Gustavsson also recognised that he is in the firing line and emphasised that he is held accountable after every national camp.

“After each camp, we review internally. We need to think about what we learned rather than what went wrong. What went wrong is saying we failed and should have done something better, but we always discuss what we learned.”

Moving on to the next challenge, Portugal tonight local time, Gustavsson was clear that there is a lot of work to be done.

“Portugal play in a very different way to Spain, and so our preparations have involved more individual meetings with players on top of a training session. It’s all about getting the players mentally ready as well as physically ready.

Above: The Matildas training in Portugal this week. Photo supplied to Impetus by: Football Australia.

“We have tried to look at past experience against them. We went back to 2018 in the Algarve Cup when we played them twice – a draw and a loss. We had a much more experienced team then. We have to be humble enough to realise that this will be a tough match too.

“They are peaking for the Euros, and we might see a different formation from us and tactical flexibility.”

The Australia head coach closed by addressing the challenge of filling an Ellie Carpenter-shaped hole in his squad over the coming months.

“Ellie is so professional and mature for her age. We will support her and Lyon with everything we can in her rehab. We need to look for replacements, but it’s not (about) looking for another Ellie.

“We are looking for another outside back or wing-back. We have a few options, play a back three and have wingbacks, or we look at natural replacements like Charlotte Grant. We’ve looked at Cortnee Vine. We can take attacking midfielders back into the position too. We’ll look at one, maybe two options tomorrow.”

Charli Grant: Stepping Up The Levels Of Intensity And Staying Positive

Above: Australia and Rosengård defender Charli Grant speaking earlier today. Photo: Football Australia.

For Charli Grant, opportunities to start for The Matildas have been few and far between. One such opportunity came on Saturday against Spain, and despite the intense pressure, the 20-year-old South Australian put in a great shift.

Reflecting on the experience, Grant said: “It was definitely a tough one. We knew they were one of the favourites for the Euros and it was a great chance for us to play against one of the world’s best teams. We learned a lot from it.
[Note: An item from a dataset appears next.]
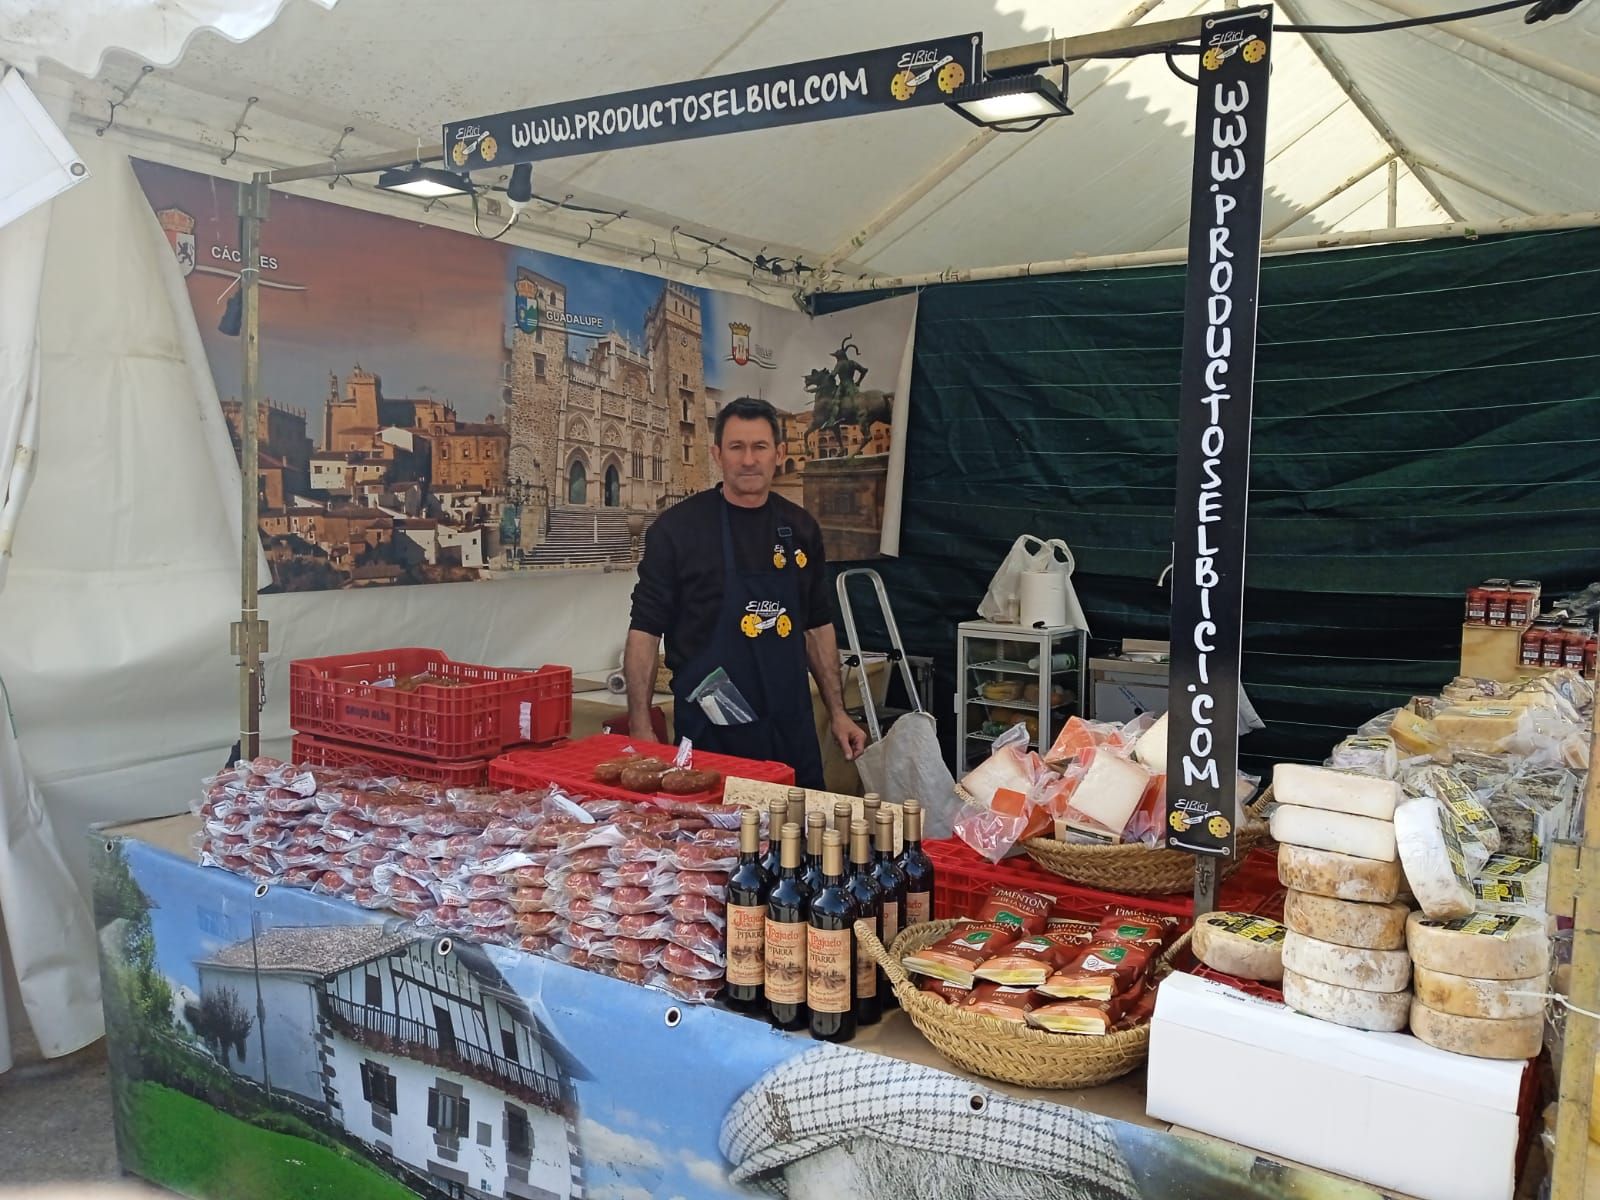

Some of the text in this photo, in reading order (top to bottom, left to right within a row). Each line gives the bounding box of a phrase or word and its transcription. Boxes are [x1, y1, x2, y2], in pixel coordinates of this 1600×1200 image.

[511, 67, 868, 149] WWW.PRODUCTOSELBICI.COM
[211, 245, 278, 270] CÁCES
[546, 311, 603, 328] GUADALUPE
[1182, 80, 1249, 789] WWW.PRODUCTOSELBICI.COM
“They are such a high-tempo team and it taught us to make the most of every moment we had on the ball and then be focused when they are on it as you just never know what they are going to do with it. They are so technical and strategic.”

The former Adelaide United star outlined some of the factors behind her strong performance. “As a young defender, I just want to make the most of every opportunity. I had to stay so focused. I had to focus on one thing at a time – each individual thing as it happened. One tackle at a time, one pass at a time. It will definitely help me going into future games.
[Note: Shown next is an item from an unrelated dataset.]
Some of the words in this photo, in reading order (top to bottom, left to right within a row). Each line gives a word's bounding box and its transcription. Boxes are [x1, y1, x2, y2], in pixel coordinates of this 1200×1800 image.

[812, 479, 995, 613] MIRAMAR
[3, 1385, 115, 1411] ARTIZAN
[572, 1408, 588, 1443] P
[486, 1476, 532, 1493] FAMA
“It helped me massively being exposed to that sort of game. Going forward as a result, we’re only going to get better from here. We trust the process that Tony has put in for us. I know how much I have improved since I first came into the Matildas last year and my level will only go up going towards the World Cup.”
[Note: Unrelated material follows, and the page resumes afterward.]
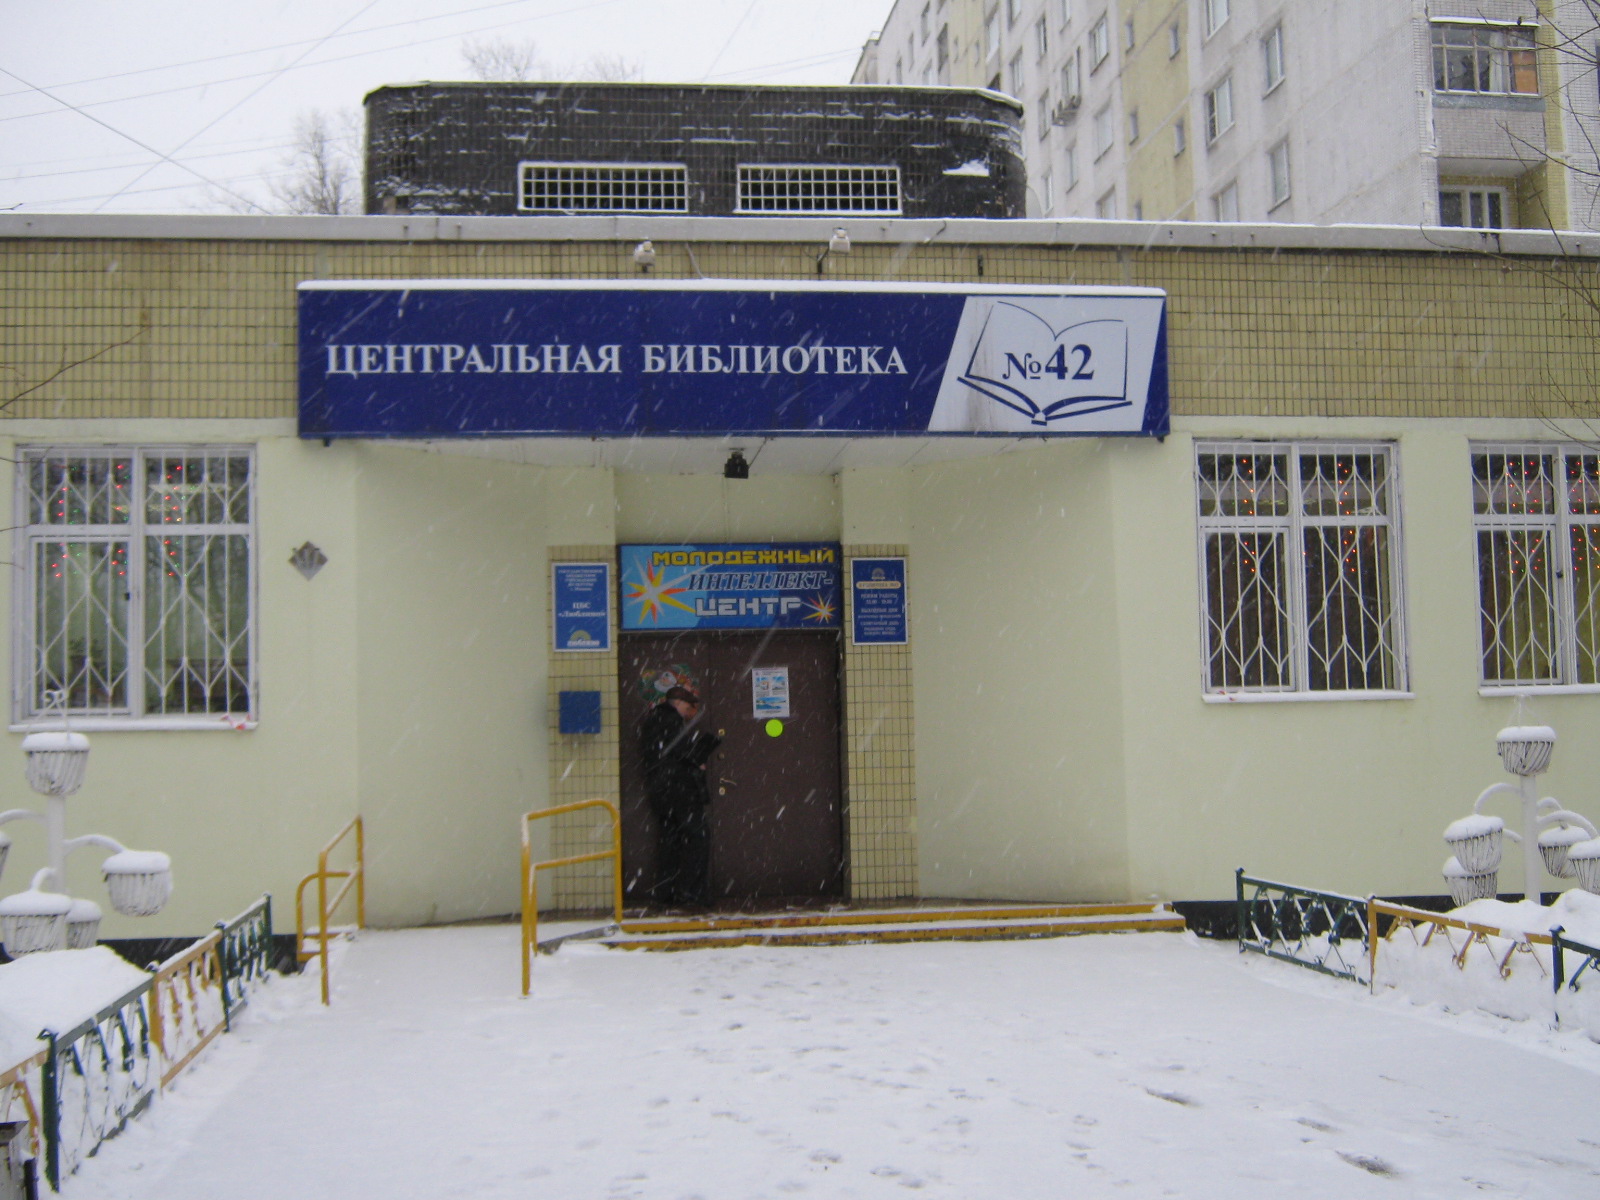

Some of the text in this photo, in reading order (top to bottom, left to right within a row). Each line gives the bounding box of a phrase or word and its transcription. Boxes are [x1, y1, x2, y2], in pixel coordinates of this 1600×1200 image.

[324, 343, 1095, 380] ЦЕНТРАЛЬНАЯ БИБЛИОТЕКА №42
[652, 547, 835, 566] МОЛОДЕЖНЫЙ
[687, 570, 834, 591] ИНТЕЛЛЕКТ-
[695, 597, 802, 616] ЦЕНТР
“I have technically improved and my composure on the ball has improved as well. Being around the girls in the squad has taught me to be a better defender.

“For me, coming from Adelaide United to Rosengård was definitely a step up in terms of (a more) technical (game) and a fast pace. Then going into the national team, that (move to Sweden) definitely helped me to transition. Yet playing against Spain is a whole new level! I was excited to be exposed to it, but it was definitely something that needed to be adjusted to.”

Whilst some may expect young players such as Grant to be adversely impacted confidence-wise after such a heavy loss, the defender feels otherwise. “The result was disappointing, but we can only look at what we can improve from it and put all our focus onto the Portugal game and put things right there.”